Advisers should incorporate robo-advice, says SSGA

Advisers will benefit from combining traditional financial advice with a robo-advice function, allowing them to grow their market share and provide greater value to clients, according to State Street Global Advisors (SSGA).

In a report entitled Embracing Change as Opportunity, SSGA found that robo-advice allows advisers to meet the changing needs of clients - particularly millennials.

"Older clients are increasingly focused on retirement solutions and the best way to pass their legacy on to the next generation," the report found.

"Meanwhile, that next generation is looking for 'adaption and innovation' from its advisers, including access to the latest technology, innovative products and client-customised solutions."

According to the report,  76 per cent of millennials believe technological advances in providing financial advice will better serve clients in regards to value and cost.

Moreover, 67 per cent of Gen X and 54 per cent of baby boomers also agreed with the above.
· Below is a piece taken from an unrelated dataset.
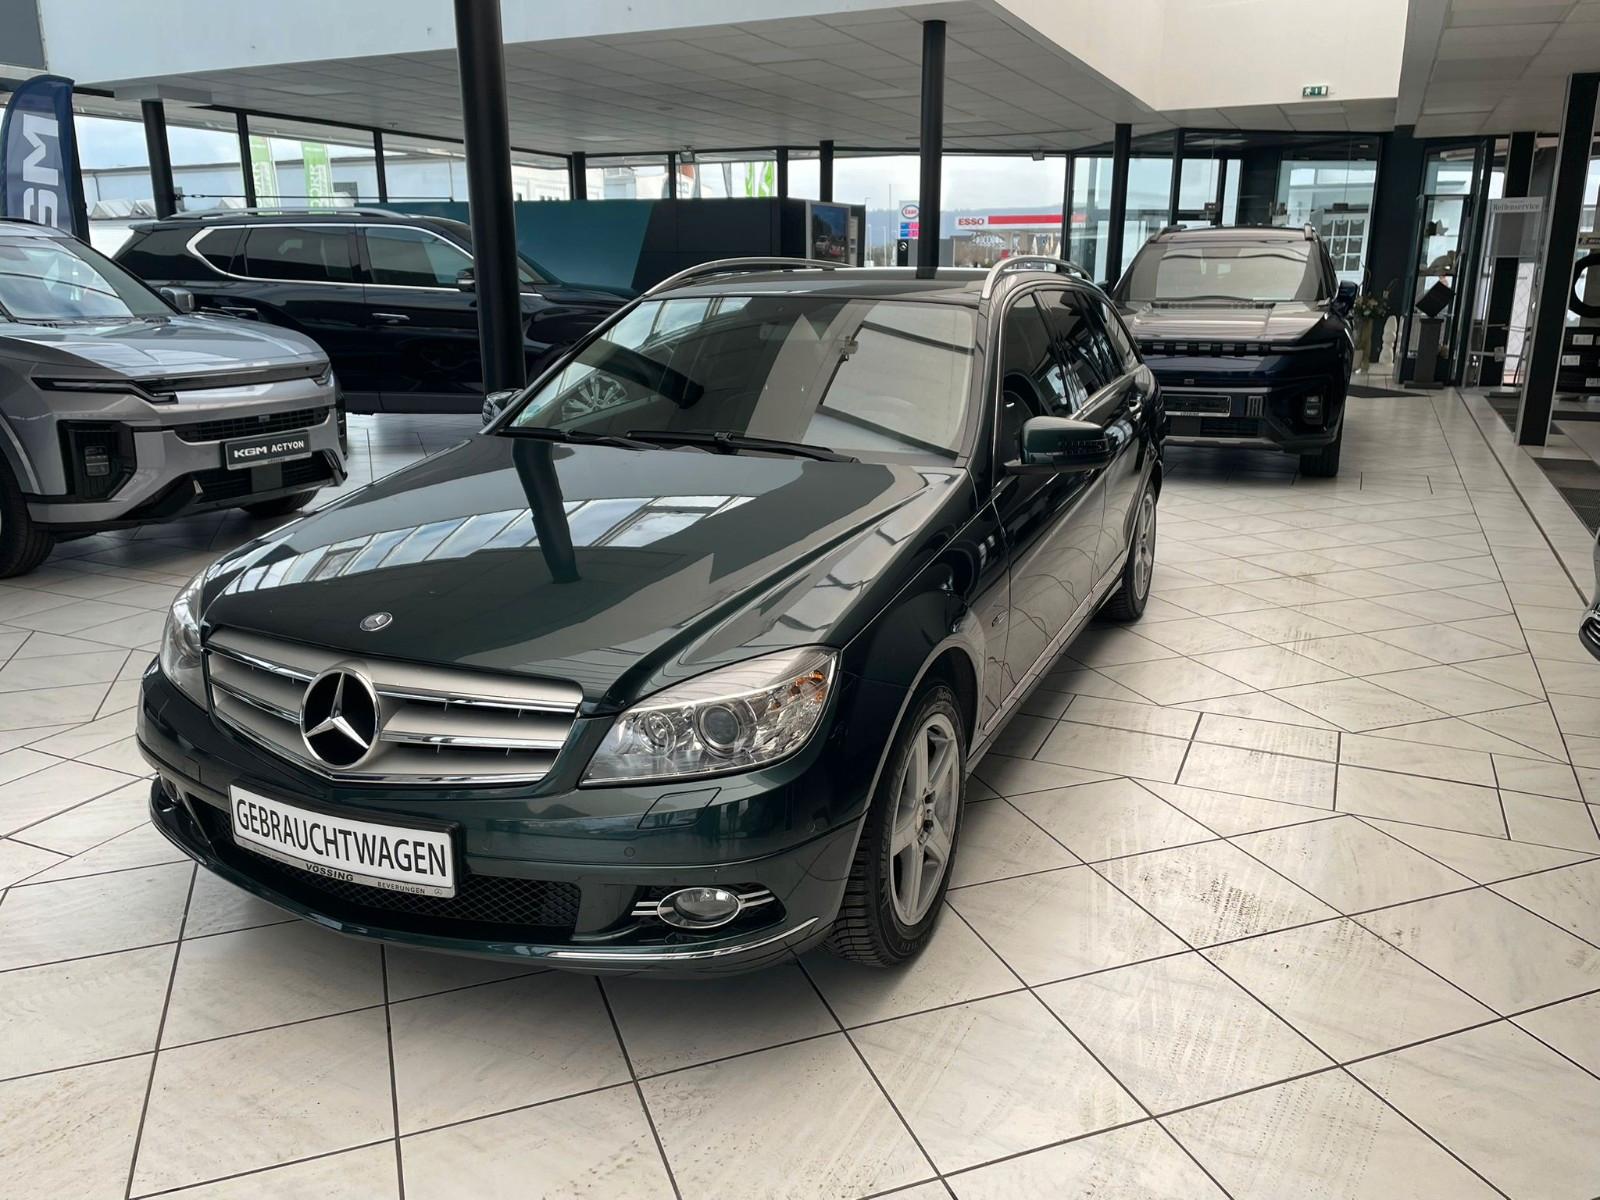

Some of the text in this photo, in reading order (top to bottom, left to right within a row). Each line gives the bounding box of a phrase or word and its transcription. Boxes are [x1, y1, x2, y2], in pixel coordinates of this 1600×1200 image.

"Combining the human touch of an experienced financial adviser with the logic, fee transparency, methodology and accessibility offered by robo-adviser platform can be a powerful combination for an adviser's practice model," said SSGA.


The report said robo-advisers are expected to continue to gain market share among investors with $100,000 and potentially make inroads among investors with accounts between $100,000 and $500,000.

Kevin Quigg, SSGA global head of ETF sales strategy, said the rise of robo-advice should be viewed in a positive light.

"Advisers can leverage efficiencies while enhancing the value of the personal guidance they can deliver," Mr Quigg said.

The report stated: "Advisory firms and their investment professionals may need to embrace new technologies in order to meet clients on their terms."